Exactly the lines from the line containing "this 2048×1297 image." through the last line of the entries below should appear in the answer, reproduced verbatim.

Image-backed grounding data:
'''

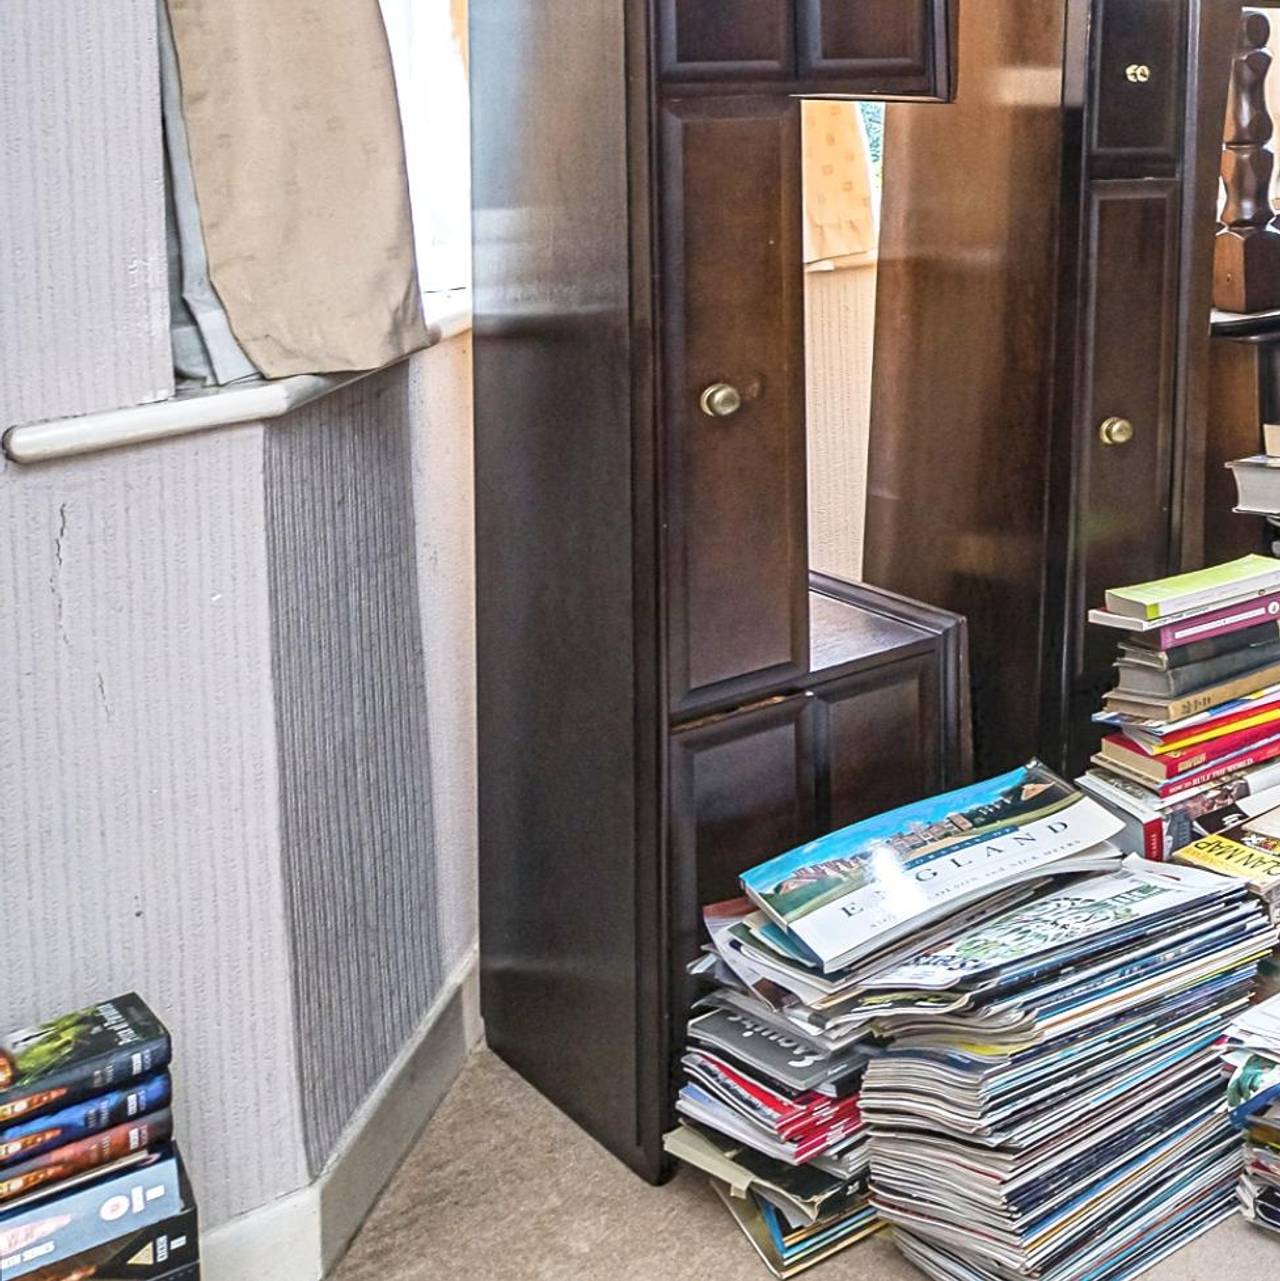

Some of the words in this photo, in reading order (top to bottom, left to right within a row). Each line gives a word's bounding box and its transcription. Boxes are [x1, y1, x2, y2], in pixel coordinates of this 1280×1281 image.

[1191, 773, 1211, 786] RULE
[1225, 757, 1254, 773] WORLD
[1194, 838, 1239, 861] MAP
[840, 820, 1069, 919] EGLAND
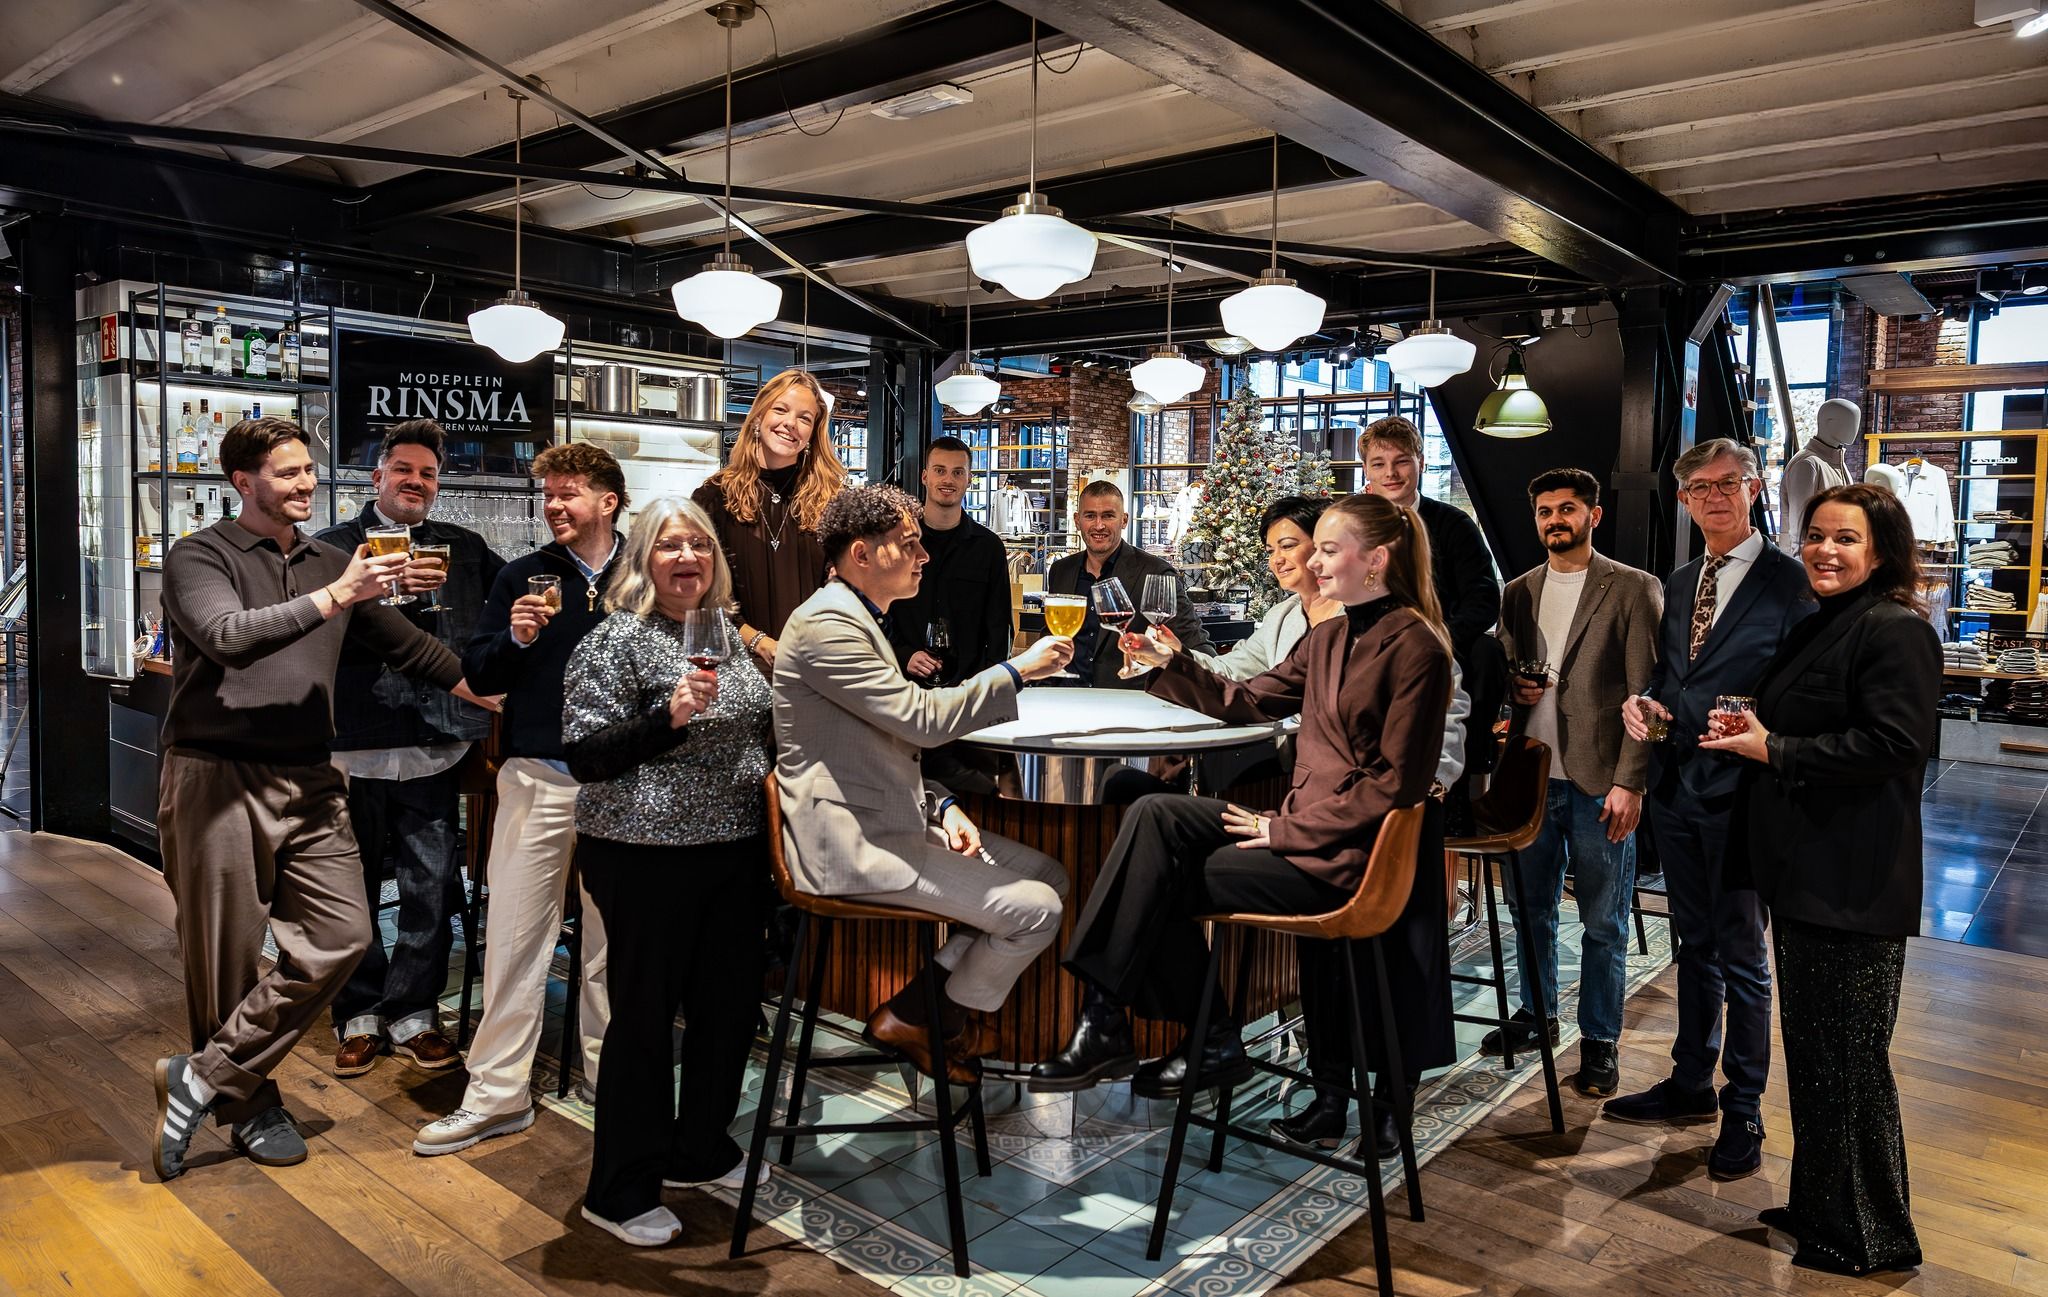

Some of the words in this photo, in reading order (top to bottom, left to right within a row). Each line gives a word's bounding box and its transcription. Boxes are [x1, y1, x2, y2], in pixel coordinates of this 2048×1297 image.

[400, 373, 502, 387] MODEPLEIN
[367, 385, 531, 423] RINSMA
[439, 422, 465, 432] EREN
[468, 423, 489, 432] VAN
[1993, 639, 2025, 648] CAST

'''

## WRITTEN RESPONSE
Some of the words in this photo, in reading order (top to bottom, left to right within a row). Each line gives a word's bounding box and its transcription. Boxes are [x1, y1, x2, y2], in pixel coordinates of this 2048×1297 image.

[400, 373, 502, 387] MODEPLEIN
[367, 385, 531, 423] RINSMA
[439, 422, 465, 432] EREN
[468, 423, 489, 432] VAN
[1993, 639, 2025, 648] CAST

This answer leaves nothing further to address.